*Task to carry out*: The line containing "this 1600×1200 image." opens the span to copy, and the last line of the records below closes it. Write out that span exactly.

*Image-backed grounding data*:
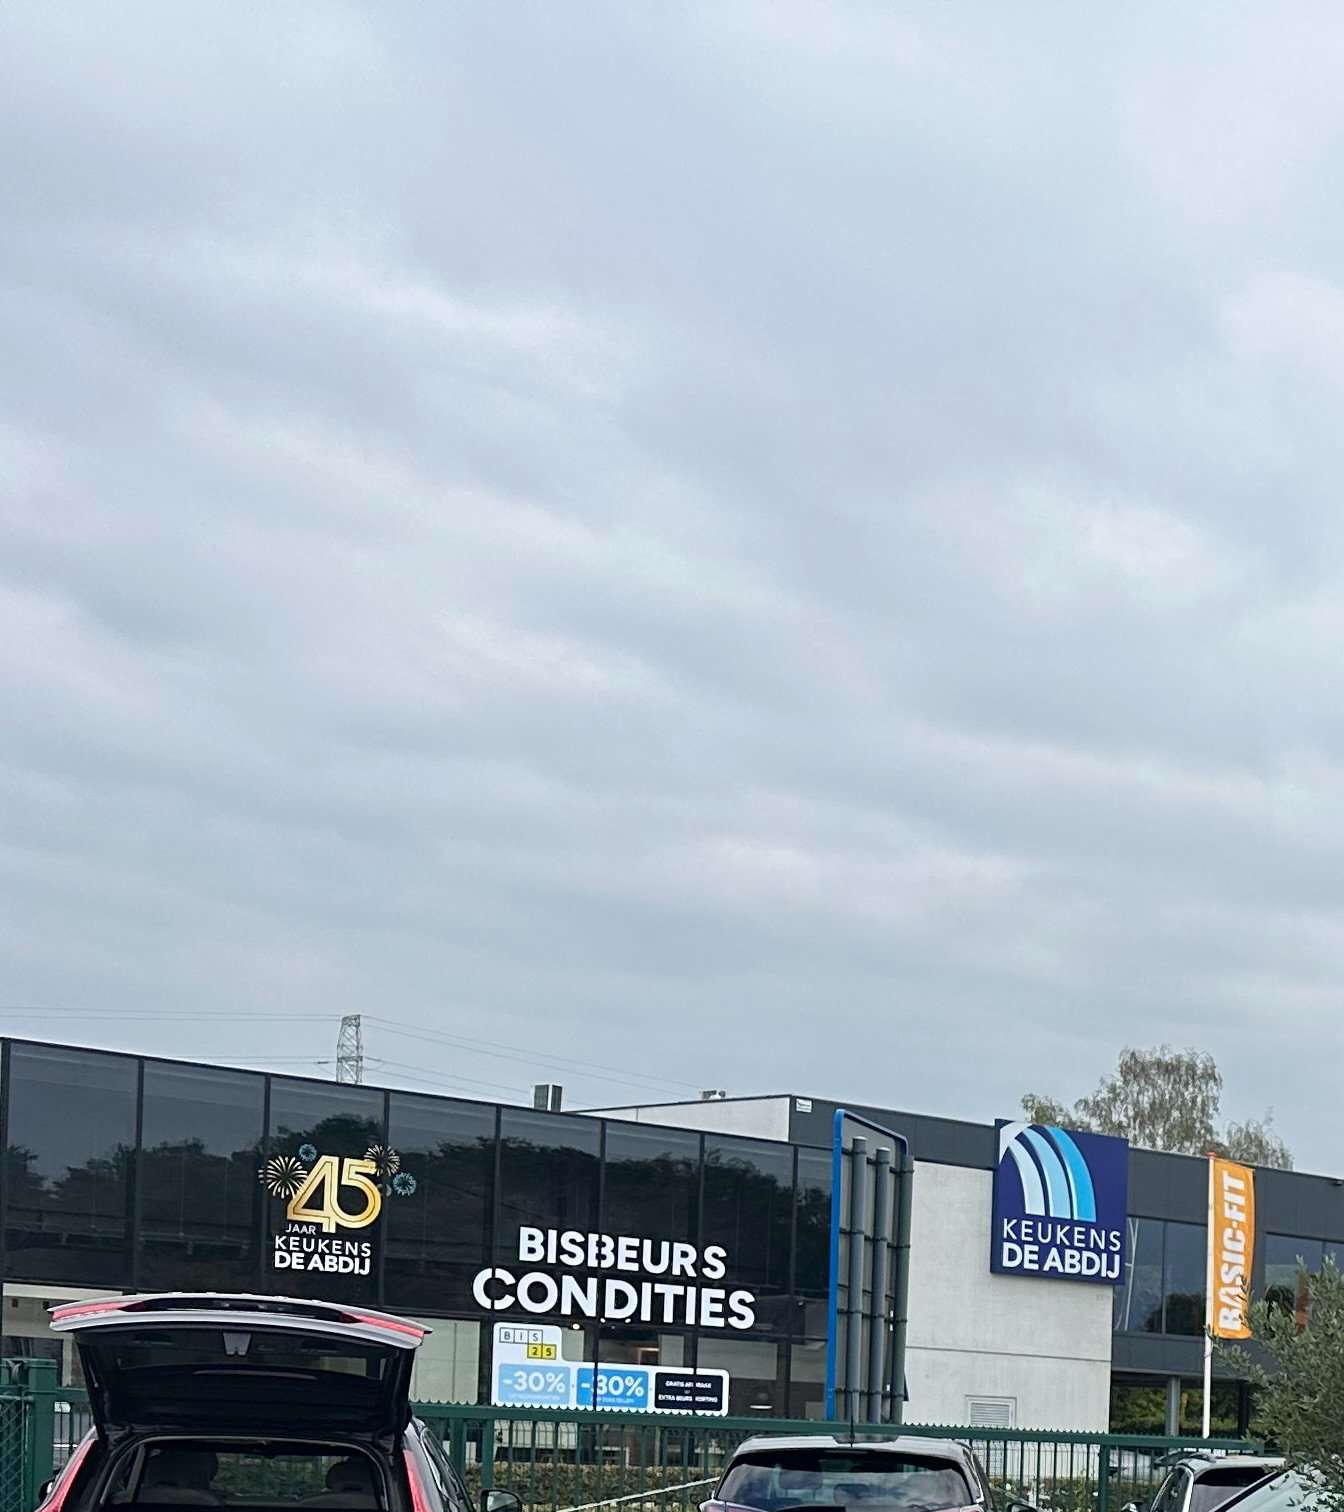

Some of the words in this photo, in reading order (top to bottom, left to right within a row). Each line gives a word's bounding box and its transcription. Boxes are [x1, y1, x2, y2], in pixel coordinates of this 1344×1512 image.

[287, 1155, 382, 1234] 45
[286, 1223, 316, 1235] JAAR
[1003, 1217, 1121, 1252] KEUKENS
[275, 1235, 371, 1257] KEUKENS
[519, 1226, 727, 1280] BISBEURS
[274, 1251, 305, 1270] DE
[307, 1253, 371, 1275] ABDIJ
[1002, 1241, 1039, 1271] DE
[1043, 1247, 1121, 1279] ABDIJ
[472, 1267, 755, 1330] CONDITIES
[532, 1346, 553, 1357] 25
[503, 1371, 565, 1393] -30%
[581, 1374, 645, 1397] -30%
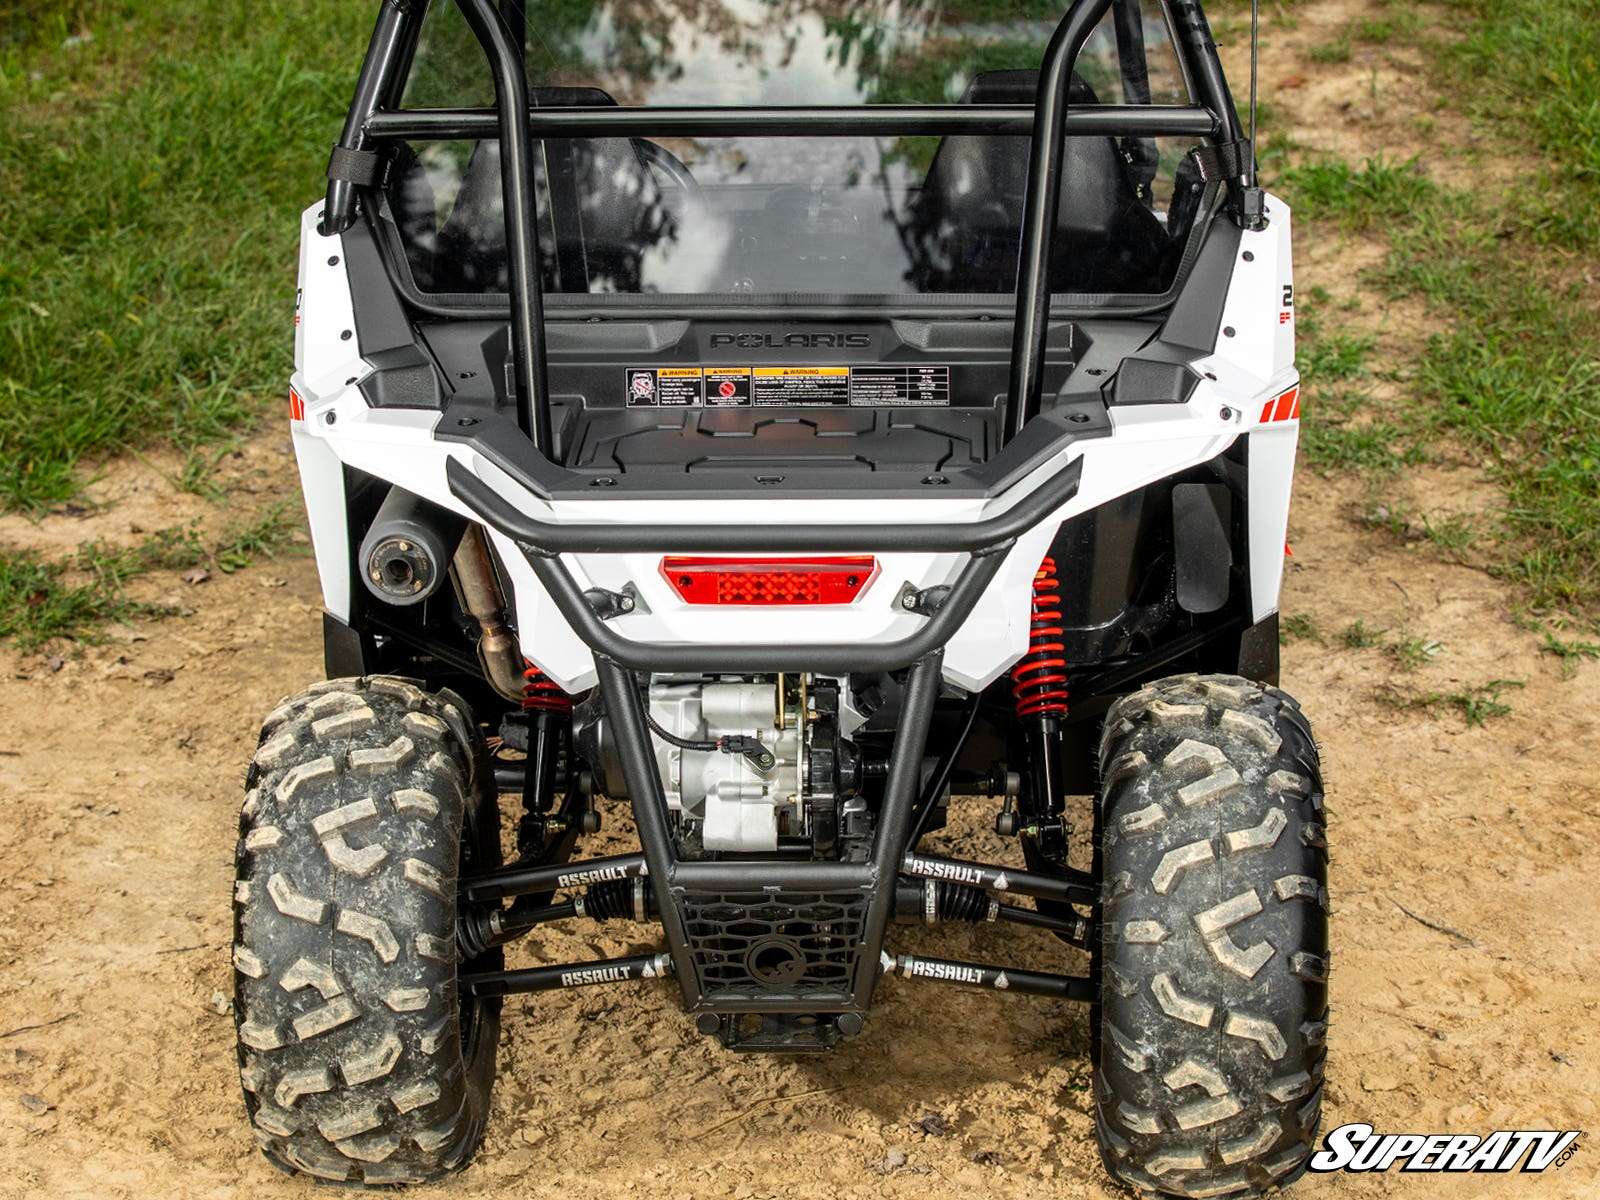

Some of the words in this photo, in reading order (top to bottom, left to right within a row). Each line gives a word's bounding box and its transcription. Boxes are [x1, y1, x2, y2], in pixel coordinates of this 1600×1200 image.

[710, 333, 872, 349] POLARIS
[558, 866, 628, 888] ASSAULT
[912, 859, 985, 884] ASSAULT
[561, 966, 631, 986] ASSAULT
[912, 961, 985, 984] ASSAULT

*Answer box*:
Some of the words in this photo, in reading order (top to bottom, left to right within a row). Each line gives a word's bounding box and its transcription. Boxes are [x1, y1, x2, y2], in pixel coordinates of this 1600×1200 image.

[710, 333, 872, 349] POLARIS
[558, 866, 628, 888] ASSAULT
[912, 859, 985, 884] ASSAULT
[561, 966, 631, 986] ASSAULT
[912, 961, 985, 984] ASSAULT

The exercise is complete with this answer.